Uganda screenings of Kony film halted after angry protests

Leader of the Lord's Resistance Army (LRA) Joseph Kony/AFP

KAMPALA, Mar 15 – A Ugandan youth group said Thursday it would stop screening a hugely popular Internet video calling for the arrest of rebel chief Joseph Kony after local people reacted furiously at its first showing.

A screening in the northern town of Lira, attended by many people mutilated by Kony’s soldiers, was halted after some people started throwing stones, said Victor Ochen, the director of African Youth Initiative Network.

His group had now dropped plans to show the film around the region.

“We wanted to make our people part of the debate,” said Ochen.

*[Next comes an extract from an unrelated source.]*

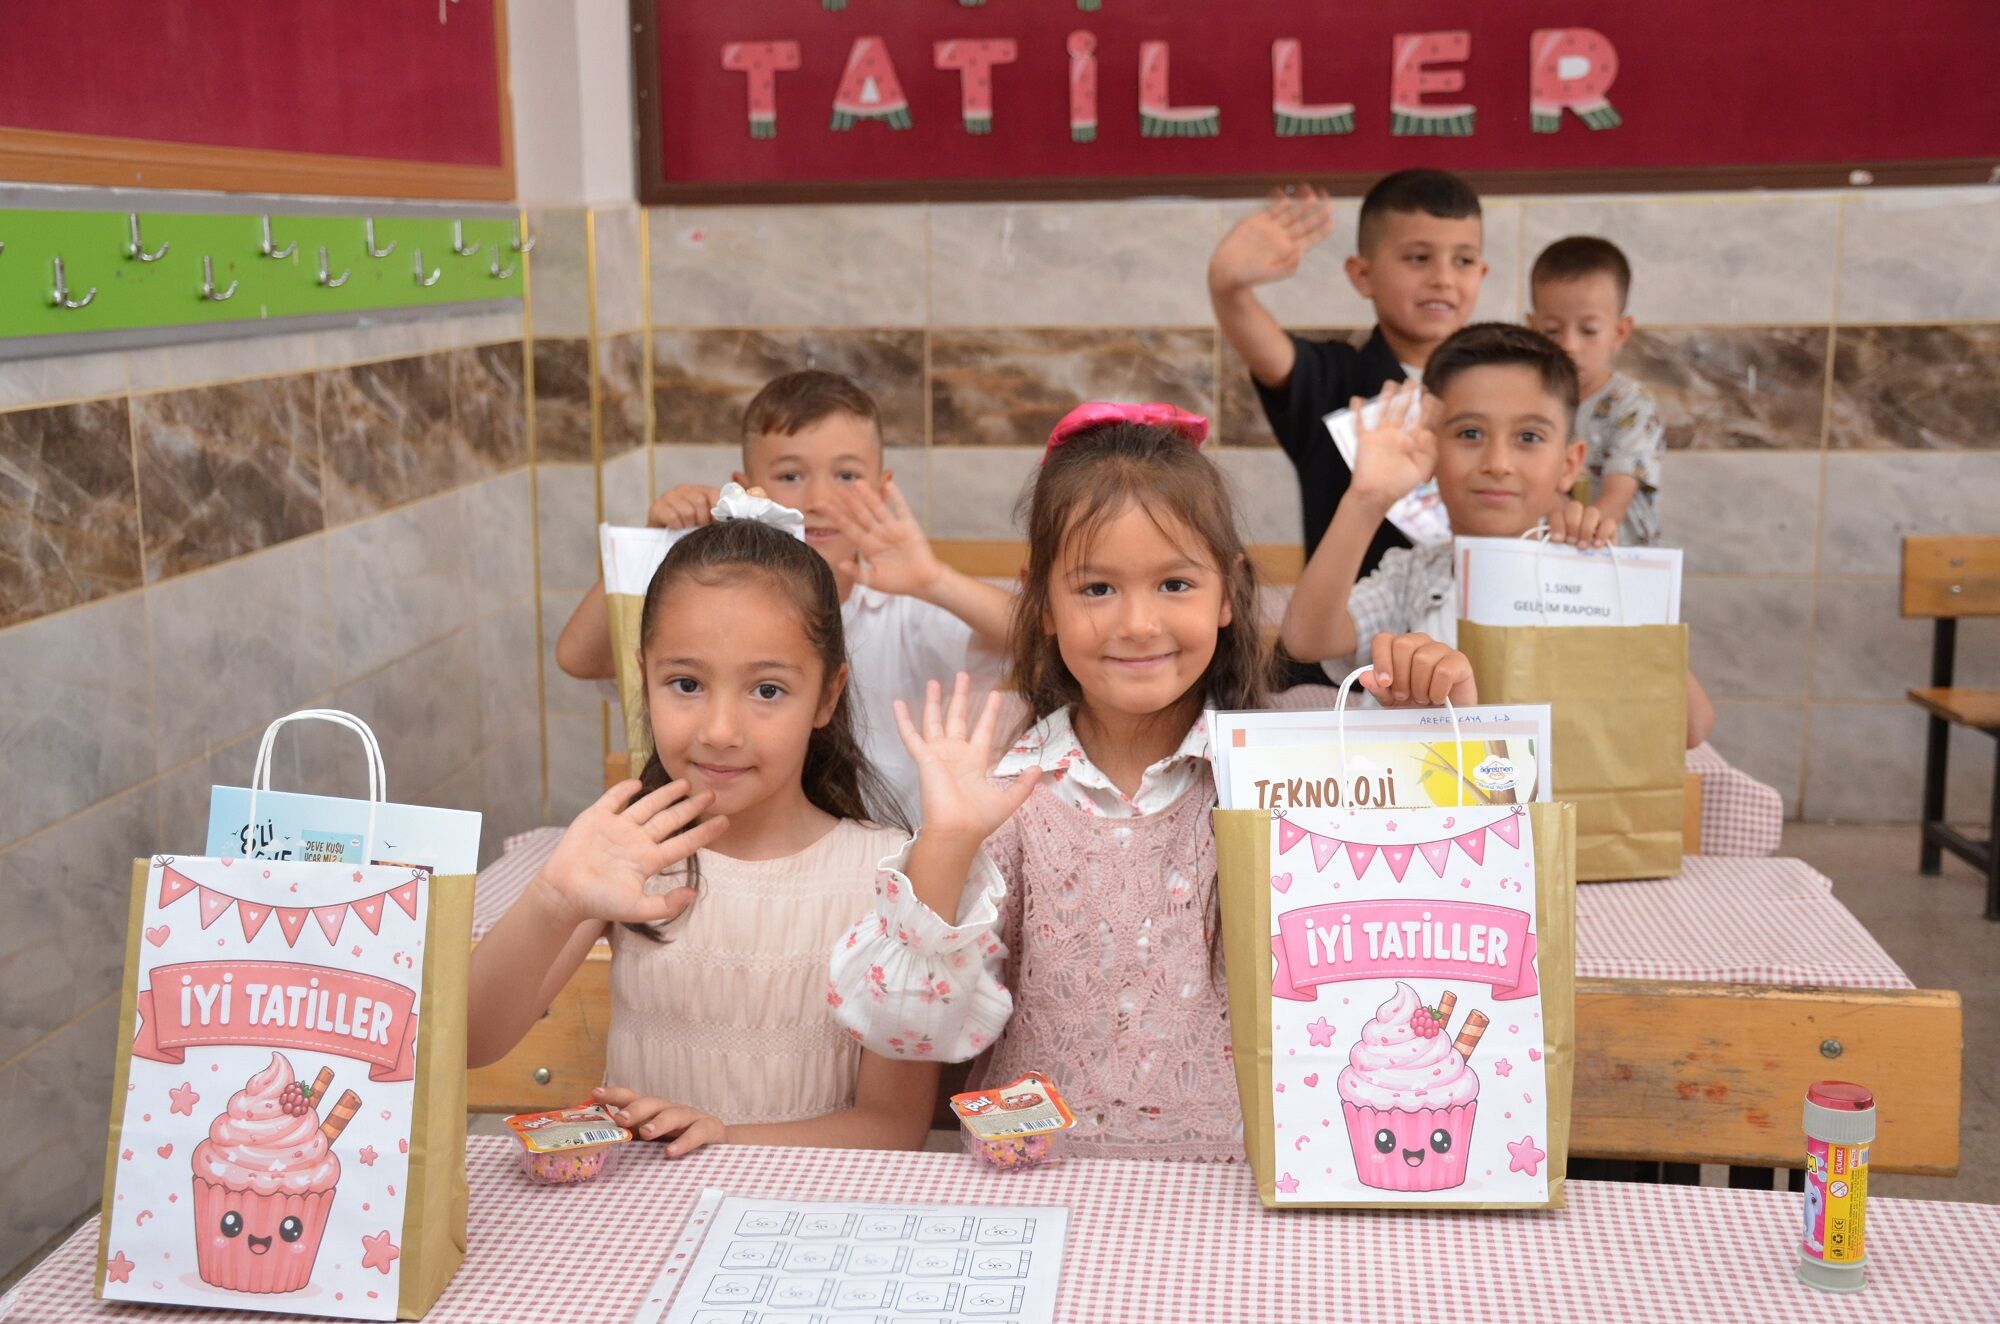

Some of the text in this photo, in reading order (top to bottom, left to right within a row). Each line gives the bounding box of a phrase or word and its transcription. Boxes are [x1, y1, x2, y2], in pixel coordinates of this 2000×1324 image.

“But in the end we had to stop it because people were having such a strong reaction to the film and were getting very angry.”

The video, “Kony 2012”, by US advocacy group Invisible Children, has been viewed by tens of million people worldwide, mainly online, since it was released last week.

But when the group held a public screening Tuesday in Lira, where few people had been able to watch the 30-minute film due to limited Internet access, it provoked an angry response.

“As soon as they saw the clip saying that people should make Kony famous, people got very upset and started to react,” said Ochen.

Many of the thousands attending, who included some mutilated by the soldiers of Kony’s Lord’s Resistance Army (LRA), objected to what they saw as the film’s insensitivity and its outdated view of northern Uganda, he added.

“People were asking why they were showing white children in America and not telling the truth about the situation of the local people in the area,” said Ochen.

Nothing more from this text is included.